Copy out every line below without alteration.

# [Saved entries]
--- START ---

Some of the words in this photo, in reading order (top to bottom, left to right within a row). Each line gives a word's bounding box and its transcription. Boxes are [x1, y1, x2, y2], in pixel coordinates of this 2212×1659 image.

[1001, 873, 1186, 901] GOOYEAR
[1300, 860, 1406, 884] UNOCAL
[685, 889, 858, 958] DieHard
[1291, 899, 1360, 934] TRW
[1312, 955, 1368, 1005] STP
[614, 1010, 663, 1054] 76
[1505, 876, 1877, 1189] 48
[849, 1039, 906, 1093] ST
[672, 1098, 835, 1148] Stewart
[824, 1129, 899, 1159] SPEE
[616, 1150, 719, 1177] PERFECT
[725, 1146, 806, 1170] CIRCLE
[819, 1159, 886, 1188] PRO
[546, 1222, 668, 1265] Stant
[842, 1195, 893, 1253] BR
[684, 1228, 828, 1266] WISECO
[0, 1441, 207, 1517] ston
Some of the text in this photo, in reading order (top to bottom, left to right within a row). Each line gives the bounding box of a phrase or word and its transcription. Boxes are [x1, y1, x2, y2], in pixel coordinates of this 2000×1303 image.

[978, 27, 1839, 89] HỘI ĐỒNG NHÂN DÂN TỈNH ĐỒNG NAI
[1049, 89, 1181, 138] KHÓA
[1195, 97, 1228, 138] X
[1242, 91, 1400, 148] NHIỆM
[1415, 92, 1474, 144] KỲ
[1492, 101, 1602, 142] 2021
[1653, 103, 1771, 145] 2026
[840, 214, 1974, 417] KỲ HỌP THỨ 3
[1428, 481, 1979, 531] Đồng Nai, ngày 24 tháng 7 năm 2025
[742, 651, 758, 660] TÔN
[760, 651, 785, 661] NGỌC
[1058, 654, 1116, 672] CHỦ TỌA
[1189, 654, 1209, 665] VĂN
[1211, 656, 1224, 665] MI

--- END ---

# [Solution]
Some of the words in this photo, in reading order (top to bottom, left to right within a row). Each line gives a word's bounding box and its transcription. Boxes are [x1, y1, x2, y2], in pixel coordinates of this 2212×1659 image.

[1001, 873, 1186, 901] GOOYEAR
[1300, 860, 1406, 884] UNOCAL
[685, 889, 858, 958] DieHard
[1291, 899, 1360, 934] TRW
[1312, 955, 1368, 1005] STP
[614, 1010, 663, 1054] 76
[1505, 876, 1877, 1189] 48
[849, 1039, 906, 1093] ST
[672, 1098, 835, 1148] Stewart
[824, 1129, 899, 1159] SPEE
[616, 1150, 719, 1177] PERFECT
[725, 1146, 806, 1170] CIRCLE
[819, 1159, 886, 1188] PRO
[546, 1222, 668, 1265] Stant
[842, 1195, 893, 1253] BR
[684, 1228, 828, 1266] WISECO
[0, 1441, 207, 1517] ston
Some of the text in this photo, in reading order (top to bottom, left to right within a row). Each line gives the bounding box of a phrase or word and its transcription. Boxes are [x1, y1, x2, y2], in pixel coordinates of this 2000×1303 image.

[978, 27, 1839, 89] HỘI ĐỒNG NHÂN DÂN TỈNH ĐỒNG NAI
[1049, 89, 1181, 138] KHÓA
[1195, 97, 1228, 138] X
[1242, 91, 1400, 148] NHIỆM
[1415, 92, 1474, 144] KỲ
[1492, 101, 1602, 142] 2021
[1653, 103, 1771, 145] 2026
[840, 214, 1974, 417] KỲ HỌP THỨ 3
[1428, 481, 1979, 531] Đồng Nai, ngày 24 tháng 7 năm 2025
[742, 651, 758, 660] TÔN
[760, 651, 785, 661] NGỌC
[1058, 654, 1116, 672] CHỦ TỌA
[1189, 654, 1209, 665] VĂN
[1211, 656, 1224, 665] MI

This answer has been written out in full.